A deputada federal Rogéria Santos (Republicanos-BA) divulgou uma forte manifestação de repúdio e pesar diante do brutal assassinato da professora de Direito Penal e escrivã da Polícia Civil, Juliana Mattos de Lima Santiago, de 41 anos, morta a facadas por um aluno dentro de uma sala de aula na Faculdade Metropolitana em Porto Velho (Rondônia) na última sexta-feira (6).
O crime, registrado em ambiente acadêmico e investigado como feminicídio, gerou comoção nacional e debate sobre a segurança em instituições educacionais e a necessidade de políticas públicas mais efetivas de proteção às mulheres. A docente, reconhecida por sua dedicação ao ensino e à segurança pública, foi socorrida, mas não resistiu aos ferimentos, e a instituição de ensino decretou luto de três dias.

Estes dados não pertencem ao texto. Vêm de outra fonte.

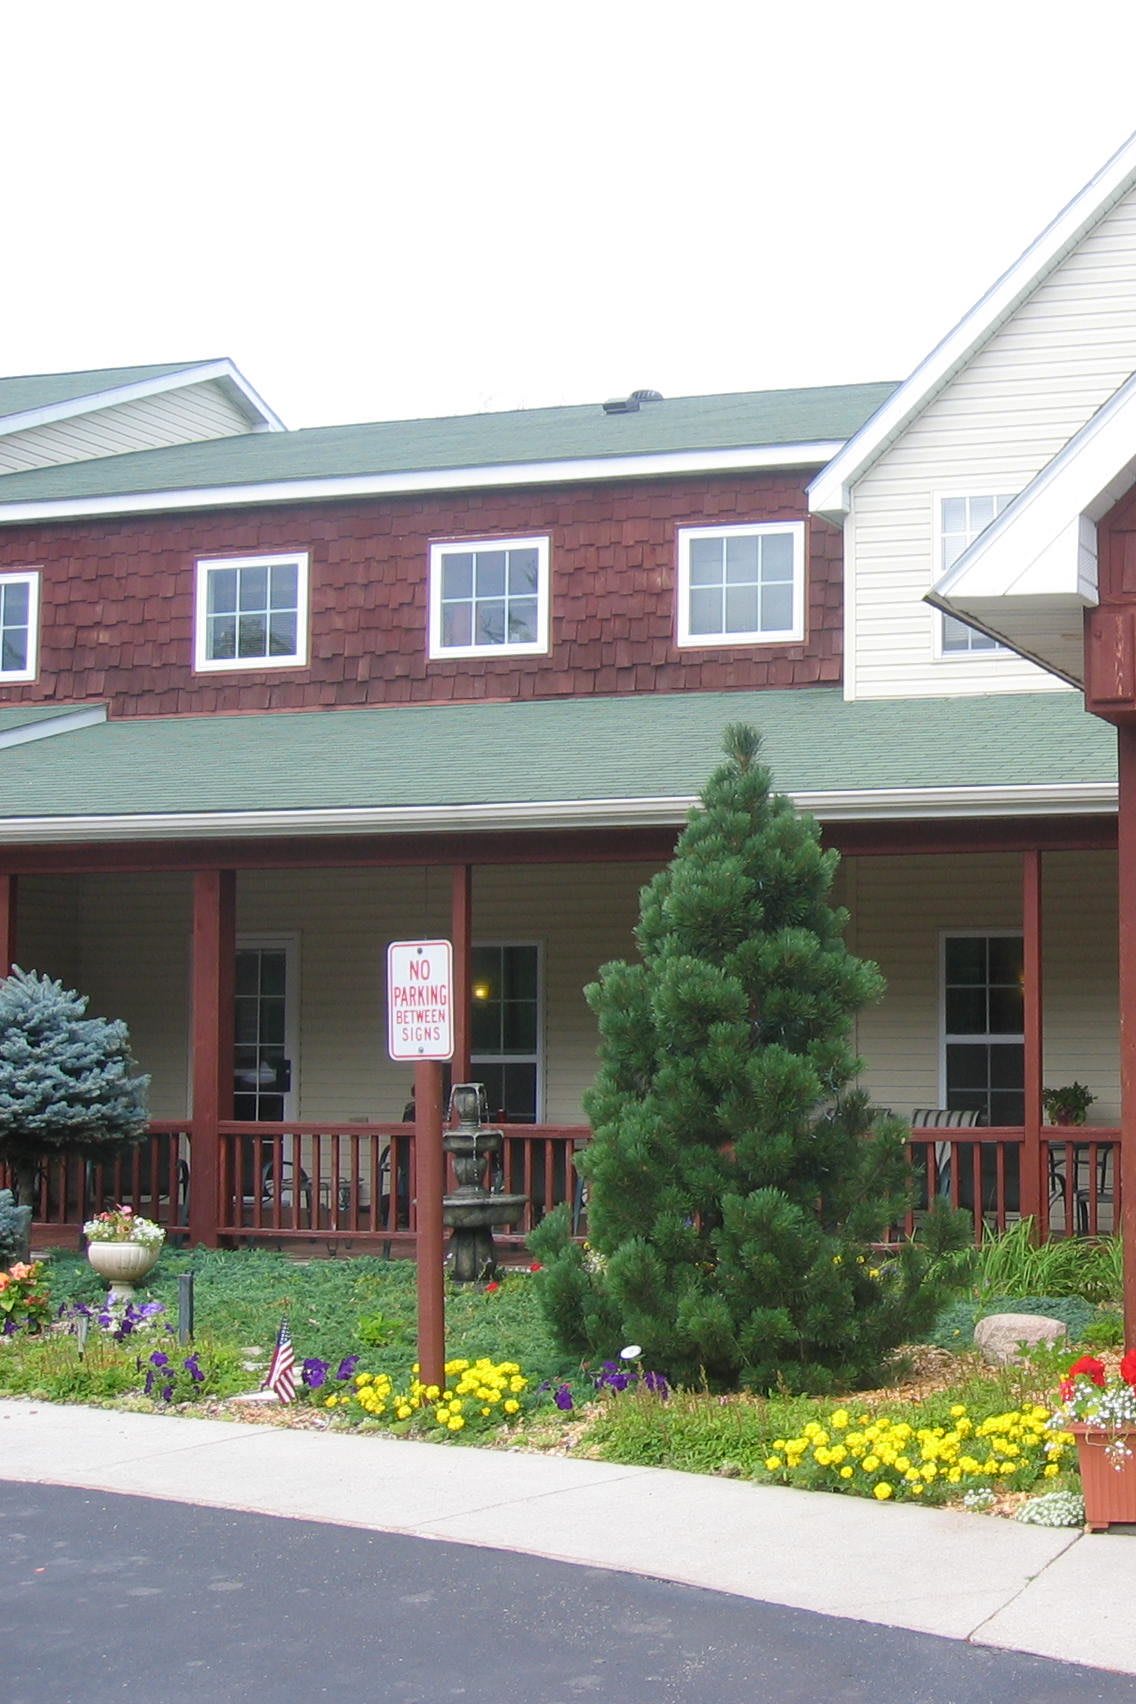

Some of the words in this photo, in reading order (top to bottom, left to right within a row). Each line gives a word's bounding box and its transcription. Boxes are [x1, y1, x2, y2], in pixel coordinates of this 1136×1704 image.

Em nota oficial, Rogéria Santos classificou o assassinato como “um ataque covarde não apenas contra uma educadora, mas contra o direito à vida, à segurança e à educação em nosso país”.
“A tragédia vivida em Porto Velho expõe, mais uma vez, a urgência de leis mais rigorosas e mecanismos de proteção real para mulheres e profissionais em todos os espaços, especialmente aqueles onde a convivência deveria ser pautada pela confiança, pelo respeito e pelo debate civilizado”, afirmou a deputada.

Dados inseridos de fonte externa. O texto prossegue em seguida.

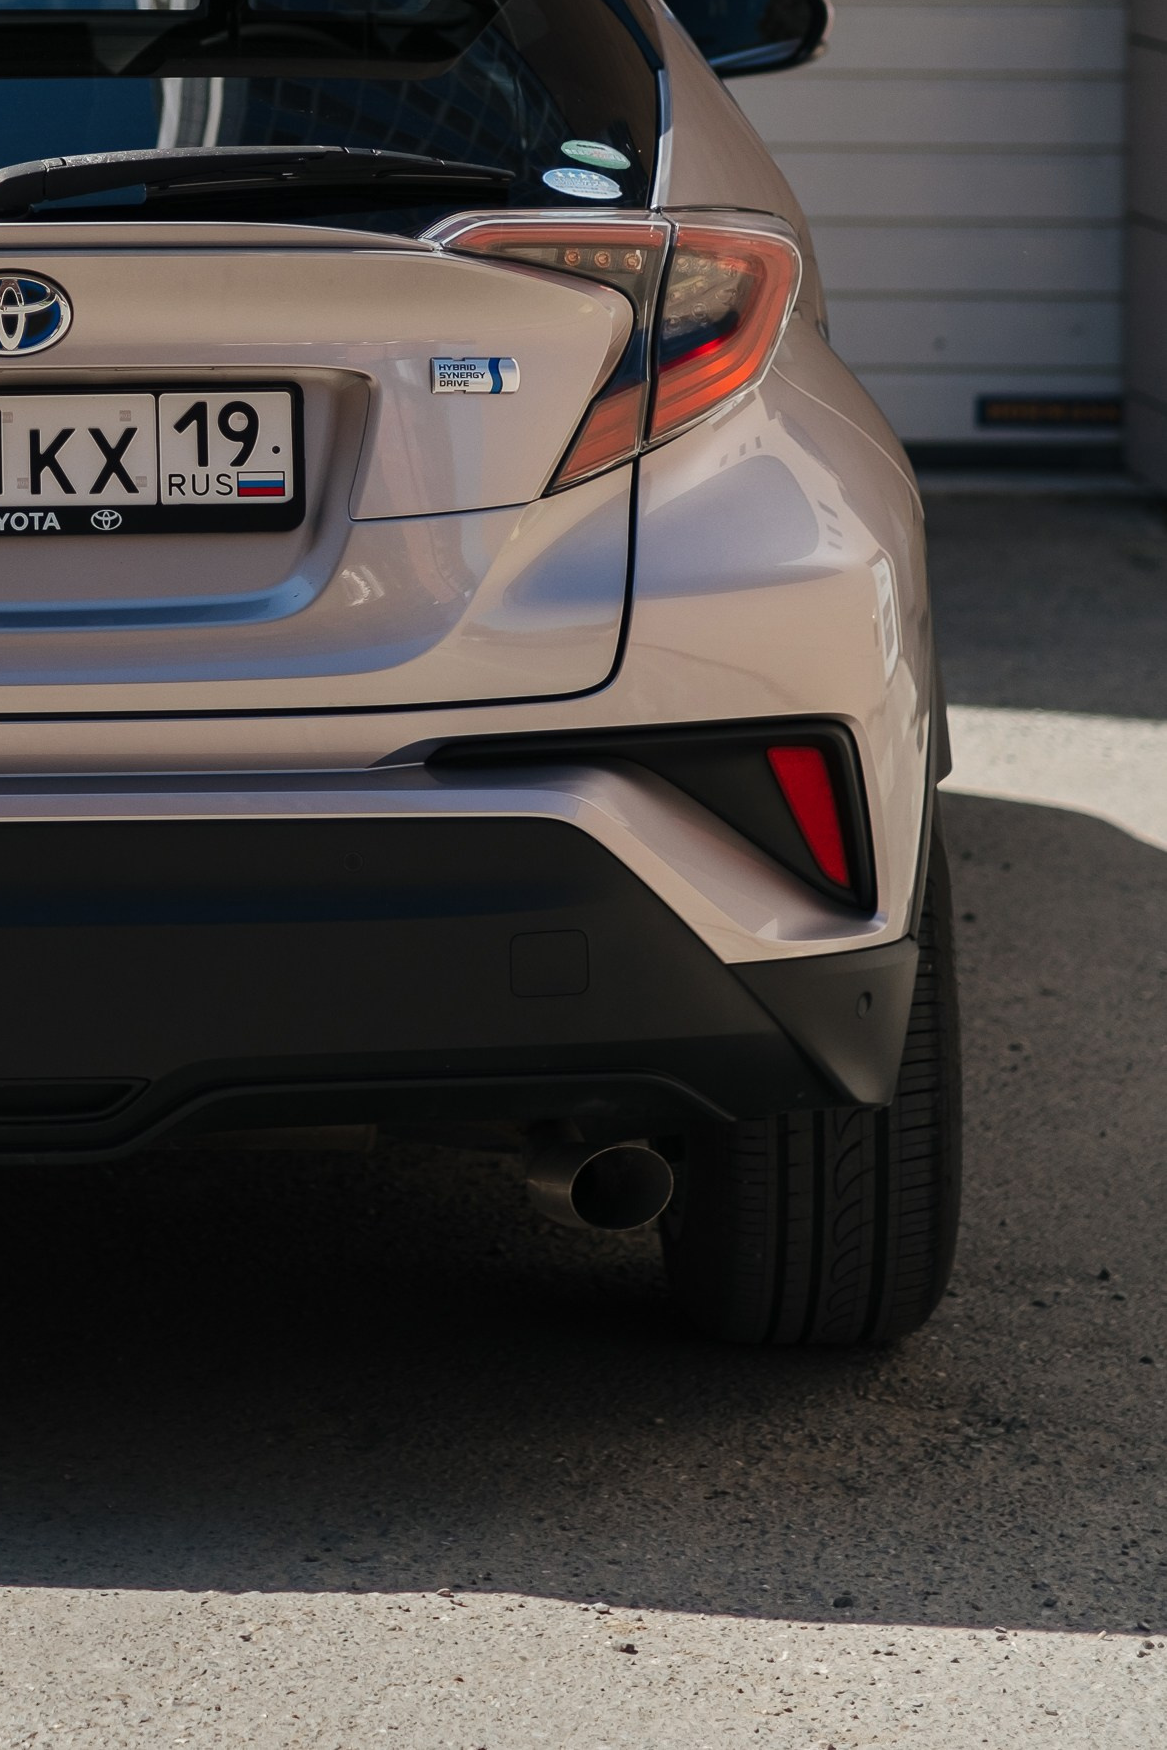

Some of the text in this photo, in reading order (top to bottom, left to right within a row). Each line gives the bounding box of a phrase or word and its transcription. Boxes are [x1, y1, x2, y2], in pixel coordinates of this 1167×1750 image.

[438, 363, 476, 371] HYBRID
[439, 371, 485, 379] SYNERGY
[439, 379, 470, 387] DRIVE
[173, 400, 259, 468] 19
[167, 473, 234, 497] RUS

Segundo dados oficiais, o Brasil segue enfrentando altos índices de violência contra mulheres, com milhares de casos de feminicídio registrados anualmente, apesar de avanços legislativos nos últimos anos. (dados compilados por órgãos de segurança pública) Dados de violência letal contra mulheres no Brasil reforçam a necessidade de políticas ampliadas de proteção.
Rogéria Santos também destacou a importância de aprovação e sanção de projetos de lei que reforcem a segurança nas escolas, universidades e espaços públicos, além de propostas que garantam atendimento especializado a mulheres em situação de risco e penalidades mais severas para crimes de violência de gênero.
“A memória de Juliana Santiago deve nos impulsionar a agir com responsabilidade e determinação no Congresso Nacional. Precisamos transformar dor em políticas concretas que garantam vidas e que protejam nossas meninas e mulheres em cada cidade, em cada sala de aula, em cada comunidade”, completou a parlamentar.
O autor do crime foi preso em flagrante e teve a prisão preventiva decretada pela Justiça, que prossegue com as investigações.